Abstract
Isoaspartate (isoAsp) formation is a common type of spontaneous protein damage that is normally kept in check by the repair enzyme protein-L-isoaspartyl methyltransferase (PIMT). PIMT-KO (knockout) mice exhibit a pronounced neuropathology highlighted by death from an epileptic seizure at 30 to 60 days after birth. The mechanisms by which isoaspartyl damage disrupts normal brain function are incompletely understood. Proteomic analysis of the PIMT-KO mouse brain has shown that a number of key neuronal proteins accumulate high levels of isoAsp, but the extent to which their cellular functions is altered has yet to be determined. One of the major neuronal targets of PIMT is creatine kinase B (CKB), a well-characterized enzyme whose activity is relatively easy to assay. We show here that (1) the specific activity of CKB is significantly reduced in the brains of PIMT-deficient mice, (2) that in vitro aging of recombinant CKB results in significant accumulation of isoAsp sites with concomitant loss of enzymatic activity, and (3) that incubation of in vitro aged CKB with PIMT and its methyl donor S-adenosyl-L-methionine substantially repairs the aged CKB with regard to both its isoAsp content and its enzymatic activity. These results, combined with similarity in phenotypes of PIMT-KO and CKB-KO mice, suggests that loss of normal CKB structure and function contributes to the mechanisms by which isoAsp accumulation leads to CNS dysfunction in the PIMT-KO mouse.
Highlights
Creatine kinases (EC 2.7.3.2) are a family of enzymes that catalyze reversible transfer of the phosphate group between ATP and creatine, playing a crucial role in intracellular energy metabolism of cells with high and fluctuating energy requirements [1,2,3]

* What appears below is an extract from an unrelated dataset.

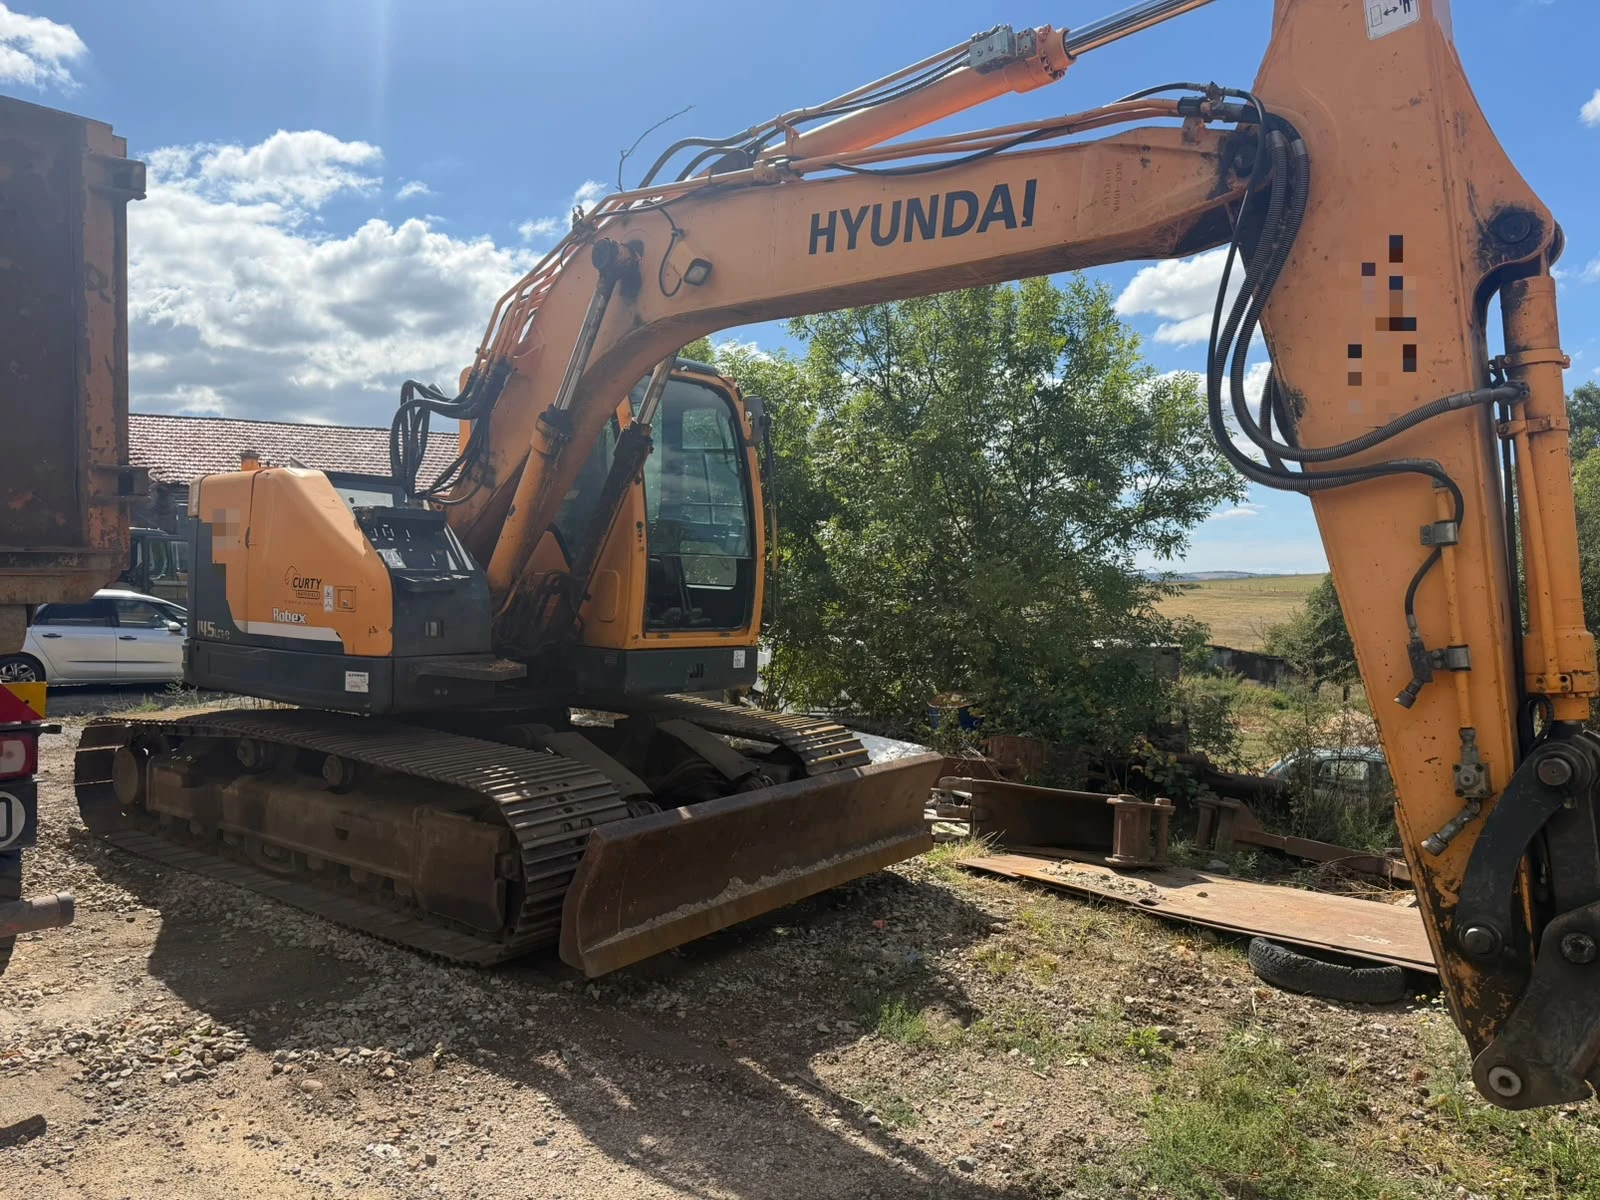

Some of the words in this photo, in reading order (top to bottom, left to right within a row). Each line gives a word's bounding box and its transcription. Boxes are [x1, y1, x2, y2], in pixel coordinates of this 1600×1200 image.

Creatine kinase B is highly susceptible to isoAsp formation, as demonstrated by proteomic analysis of major methyl-accepting substrates for protein-L-isoaspartyl methyltransferase (PIMT) in PIMT-KO mouse brain extracts
Our goal in the present study was to determine if isoAsp damage to creatine kinase B (CKB) might contribute to the neuropathology resulting from PIMT deficiency
Summary
Creatine kinases (EC 2.7.3.2) are a family of enzymes that catalyze reversible transfer of the phosphate group between ATP and creatine, playing a crucial role in intracellular energy metabolism of cells with high and fluctuating energy requirements [1,2,3]. Cellular mechanisms for dealing with isoaspartyl protein damage include urinary excretion of the damaged proteins [15], degradation by isoAsp-selective proteases [16,17], and enzymatic repair Regarding the latter mechanism, isoAsp residues in peptides and proteins are recognized and repaired by the action of protein Lisoaspartyl O-methyltransferase (PIMT, EC 2.1.1.77) [18,19,20,21,22,23]. Continuing cycles of PIMT action efficiently repair L-isoAsp sites in vitro [23,24,25], while reduction of PIMT activity in cultured cells or knockout (KO) mice dramatically increases the level of isoAsp-containing proteins [26,27,28,29]. A proteomic study utilizing the PIMT-KO mouse revealed CKB as one of 22 major targets for PIMT in the brain [9]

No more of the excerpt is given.